ACTIVITY: Restate every record exactly, with nothing skipped.
[DATA SHOWN Boundary: Start]
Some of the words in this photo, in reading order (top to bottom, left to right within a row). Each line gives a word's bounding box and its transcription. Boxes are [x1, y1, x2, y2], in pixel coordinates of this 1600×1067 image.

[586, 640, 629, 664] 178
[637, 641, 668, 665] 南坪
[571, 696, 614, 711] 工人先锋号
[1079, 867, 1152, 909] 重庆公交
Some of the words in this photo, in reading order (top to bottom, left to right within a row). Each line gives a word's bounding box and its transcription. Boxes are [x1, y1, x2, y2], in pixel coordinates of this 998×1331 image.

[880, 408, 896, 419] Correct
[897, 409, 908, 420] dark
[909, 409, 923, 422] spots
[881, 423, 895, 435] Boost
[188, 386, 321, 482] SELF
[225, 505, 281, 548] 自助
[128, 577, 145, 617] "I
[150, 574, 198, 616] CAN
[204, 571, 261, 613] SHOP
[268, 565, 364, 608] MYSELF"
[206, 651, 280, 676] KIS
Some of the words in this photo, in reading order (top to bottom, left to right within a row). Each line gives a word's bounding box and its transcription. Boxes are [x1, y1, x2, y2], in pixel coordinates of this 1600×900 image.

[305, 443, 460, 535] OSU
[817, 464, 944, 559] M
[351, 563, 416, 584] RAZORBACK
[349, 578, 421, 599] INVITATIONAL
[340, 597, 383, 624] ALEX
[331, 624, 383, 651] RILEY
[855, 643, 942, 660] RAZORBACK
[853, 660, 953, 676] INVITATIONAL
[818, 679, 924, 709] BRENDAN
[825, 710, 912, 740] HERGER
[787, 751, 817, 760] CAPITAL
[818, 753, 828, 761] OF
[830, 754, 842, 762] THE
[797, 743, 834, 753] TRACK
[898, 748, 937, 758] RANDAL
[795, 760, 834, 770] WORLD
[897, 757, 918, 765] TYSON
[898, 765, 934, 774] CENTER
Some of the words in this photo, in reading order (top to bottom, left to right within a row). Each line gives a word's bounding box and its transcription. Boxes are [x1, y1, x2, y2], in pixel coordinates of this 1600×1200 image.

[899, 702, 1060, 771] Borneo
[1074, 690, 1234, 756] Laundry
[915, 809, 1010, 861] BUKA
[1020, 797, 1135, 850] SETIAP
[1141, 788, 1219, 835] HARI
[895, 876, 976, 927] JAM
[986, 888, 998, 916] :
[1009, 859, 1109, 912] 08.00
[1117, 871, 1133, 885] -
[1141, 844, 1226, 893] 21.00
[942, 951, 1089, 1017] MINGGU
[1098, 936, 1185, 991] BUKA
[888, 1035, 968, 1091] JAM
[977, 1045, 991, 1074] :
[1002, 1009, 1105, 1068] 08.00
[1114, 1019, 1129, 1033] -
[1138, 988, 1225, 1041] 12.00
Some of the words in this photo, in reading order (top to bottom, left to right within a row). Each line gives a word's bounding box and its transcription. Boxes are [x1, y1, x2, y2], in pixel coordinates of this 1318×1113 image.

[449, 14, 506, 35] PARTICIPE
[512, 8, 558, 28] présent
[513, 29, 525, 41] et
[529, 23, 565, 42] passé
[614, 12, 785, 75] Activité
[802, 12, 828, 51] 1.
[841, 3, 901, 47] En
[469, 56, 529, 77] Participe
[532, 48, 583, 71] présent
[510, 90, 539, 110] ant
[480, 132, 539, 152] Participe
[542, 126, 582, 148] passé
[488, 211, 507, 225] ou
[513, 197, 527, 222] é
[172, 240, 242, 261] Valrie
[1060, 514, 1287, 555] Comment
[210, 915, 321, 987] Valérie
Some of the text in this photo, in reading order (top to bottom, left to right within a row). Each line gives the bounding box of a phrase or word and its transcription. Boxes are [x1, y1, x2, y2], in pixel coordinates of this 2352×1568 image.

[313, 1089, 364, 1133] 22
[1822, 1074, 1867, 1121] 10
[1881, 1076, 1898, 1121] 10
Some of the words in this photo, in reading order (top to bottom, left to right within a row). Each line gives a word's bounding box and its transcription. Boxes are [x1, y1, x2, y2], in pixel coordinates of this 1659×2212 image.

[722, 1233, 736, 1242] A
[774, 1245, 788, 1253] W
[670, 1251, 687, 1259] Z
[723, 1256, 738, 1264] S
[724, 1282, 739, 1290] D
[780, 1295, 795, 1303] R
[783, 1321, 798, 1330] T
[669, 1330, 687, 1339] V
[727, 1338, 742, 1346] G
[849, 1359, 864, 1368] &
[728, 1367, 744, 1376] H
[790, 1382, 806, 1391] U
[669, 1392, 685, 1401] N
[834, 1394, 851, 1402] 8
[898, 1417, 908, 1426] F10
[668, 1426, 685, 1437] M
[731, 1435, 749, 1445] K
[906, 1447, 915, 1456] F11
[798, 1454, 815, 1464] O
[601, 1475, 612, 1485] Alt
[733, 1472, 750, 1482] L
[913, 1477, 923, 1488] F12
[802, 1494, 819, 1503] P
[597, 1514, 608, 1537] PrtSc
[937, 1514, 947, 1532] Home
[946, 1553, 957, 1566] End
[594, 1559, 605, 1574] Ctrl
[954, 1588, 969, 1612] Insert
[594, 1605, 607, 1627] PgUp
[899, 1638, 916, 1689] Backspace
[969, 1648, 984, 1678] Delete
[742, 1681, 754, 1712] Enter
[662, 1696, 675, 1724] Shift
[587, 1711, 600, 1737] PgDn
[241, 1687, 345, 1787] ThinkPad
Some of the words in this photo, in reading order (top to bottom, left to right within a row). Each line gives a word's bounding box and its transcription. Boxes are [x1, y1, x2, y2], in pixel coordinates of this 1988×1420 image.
[DATA SHOWN Boundary: End]
TASK ANSWER:
Some of the words in this photo, in reading order (top to bottom, left to right within a row). Each line gives a word's bounding box and its transcription. Boxes are [x1, y1, x2, y2], in pixel coordinates of this 1600×1067 image.

[586, 640, 629, 664] 178
[637, 641, 668, 665] 南坪
[571, 696, 614, 711] 工人先锋号
[1079, 867, 1152, 909] 重庆公交
Some of the words in this photo, in reading order (top to bottom, left to right within a row). Each line gives a word's bounding box and its transcription. Boxes are [x1, y1, x2, y2], in pixel coordinates of this 998×1331 image.

[880, 408, 896, 419] Correct
[897, 409, 908, 420] dark
[909, 409, 923, 422] spots
[881, 423, 895, 435] Boost
[188, 386, 321, 482] SELF
[225, 505, 281, 548] 自助
[128, 577, 145, 617] "I
[150, 574, 198, 616] CAN
[204, 571, 261, 613] SHOP
[268, 565, 364, 608] MYSELF"
[206, 651, 280, 676] KIS
Some of the words in this photo, in reading order (top to bottom, left to right within a row). Each line gives a word's bounding box and its transcription. Boxes are [x1, y1, x2, y2], in pixel coordinates of this 1600×900 image.

[305, 443, 460, 535] OSU
[817, 464, 944, 559] M
[351, 563, 416, 584] RAZORBACK
[349, 578, 421, 599] INVITATIONAL
[340, 597, 383, 624] ALEX
[331, 624, 383, 651] RILEY
[855, 643, 942, 660] RAZORBACK
[853, 660, 953, 676] INVITATIONAL
[818, 679, 924, 709] BRENDAN
[825, 710, 912, 740] HERGER
[787, 751, 817, 760] CAPITAL
[818, 753, 828, 761] OF
[830, 754, 842, 762] THE
[797, 743, 834, 753] TRACK
[898, 748, 937, 758] RANDAL
[795, 760, 834, 770] WORLD
[897, 757, 918, 765] TYSON
[898, 765, 934, 774] CENTER
Some of the words in this photo, in reading order (top to bottom, left to right within a row). Each line gives a word's bounding box and its transcription. Boxes are [x1, y1, x2, y2], in pixel coordinates of this 1600×1200 image.

[899, 702, 1060, 771] Borneo
[1074, 690, 1234, 756] Laundry
[915, 809, 1010, 861] BUKA
[1020, 797, 1135, 850] SETIAP
[1141, 788, 1219, 835] HARI
[895, 876, 976, 927] JAM
[986, 888, 998, 916] :
[1009, 859, 1109, 912] 08.00
[1117, 871, 1133, 885] -
[1141, 844, 1226, 893] 21.00
[942, 951, 1089, 1017] MINGGU
[1098, 936, 1185, 991] BUKA
[888, 1035, 968, 1091] JAM
[977, 1045, 991, 1074] :
[1002, 1009, 1105, 1068] 08.00
[1114, 1019, 1129, 1033] -
[1138, 988, 1225, 1041] 12.00
Some of the words in this photo, in reading order (top to bottom, left to right within a row). Each line gives a word's bounding box and its transcription. Boxes are [x1, y1, x2, y2], in pixel coordinates of this 1318×1113 image.

[449, 14, 506, 35] PARTICIPE
[512, 8, 558, 28] présent
[513, 29, 525, 41] et
[529, 23, 565, 42] passé
[614, 12, 785, 75] Activité
[802, 12, 828, 51] 1.
[841, 3, 901, 47] En
[469, 56, 529, 77] Participe
[532, 48, 583, 71] présent
[510, 90, 539, 110] ant
[480, 132, 539, 152] Participe
[542, 126, 582, 148] passé
[488, 211, 507, 225] ou
[513, 197, 527, 222] é
[172, 240, 242, 261] Valrie
[1060, 514, 1287, 555] Comment
[210, 915, 321, 987] Valérie
Some of the text in this photo, in reading order (top to bottom, left to right within a row). Each line gives the bounding box of a phrase or word and its transcription. Boxes are [x1, y1, x2, y2], in pixel coordinates of this 2352×1568 image.

[313, 1089, 364, 1133] 22
[1822, 1074, 1867, 1121] 10
[1881, 1076, 1898, 1121] 10
Some of the words in this photo, in reading order (top to bottom, left to right within a row). Each line gives a word's bounding box and its transcription. Boxes are [x1, y1, x2, y2], in pixel coordinates of this 1659×2212 image.

[722, 1233, 736, 1242] A
[774, 1245, 788, 1253] W
[670, 1251, 687, 1259] Z
[723, 1256, 738, 1264] S
[724, 1282, 739, 1290] D
[780, 1295, 795, 1303] R
[783, 1321, 798, 1330] T
[669, 1330, 687, 1339] V
[727, 1338, 742, 1346] G
[849, 1359, 864, 1368] &
[728, 1367, 744, 1376] H
[790, 1382, 806, 1391] U
[669, 1392, 685, 1401] N
[834, 1394, 851, 1402] 8
[898, 1417, 908, 1426] F10
[668, 1426, 685, 1437] M
[731, 1435, 749, 1445] K
[906, 1447, 915, 1456] F11
[798, 1454, 815, 1464] O
[601, 1475, 612, 1485] Alt
[733, 1472, 750, 1482] L
[913, 1477, 923, 1488] F12
[802, 1494, 819, 1503] P
[597, 1514, 608, 1537] PrtSc
[937, 1514, 947, 1532] Home
[946, 1553, 957, 1566] End
[594, 1559, 605, 1574] Ctrl
[954, 1588, 969, 1612] Insert
[594, 1605, 607, 1627] PgUp
[899, 1638, 916, 1689] Backspace
[969, 1648, 984, 1678] Delete
[742, 1681, 754, 1712] Enter
[662, 1696, 675, 1724] Shift
[587, 1711, 600, 1737] PgDn
[241, 1687, 345, 1787] ThinkPad
Some of the words in this photo, in reading order (top to bottom, left to right within a row). Each line gives a word's bounding box and its transcription. Boxes are [x1, y1, x2, y2], in pixel coordinates of this 1988×1420 image.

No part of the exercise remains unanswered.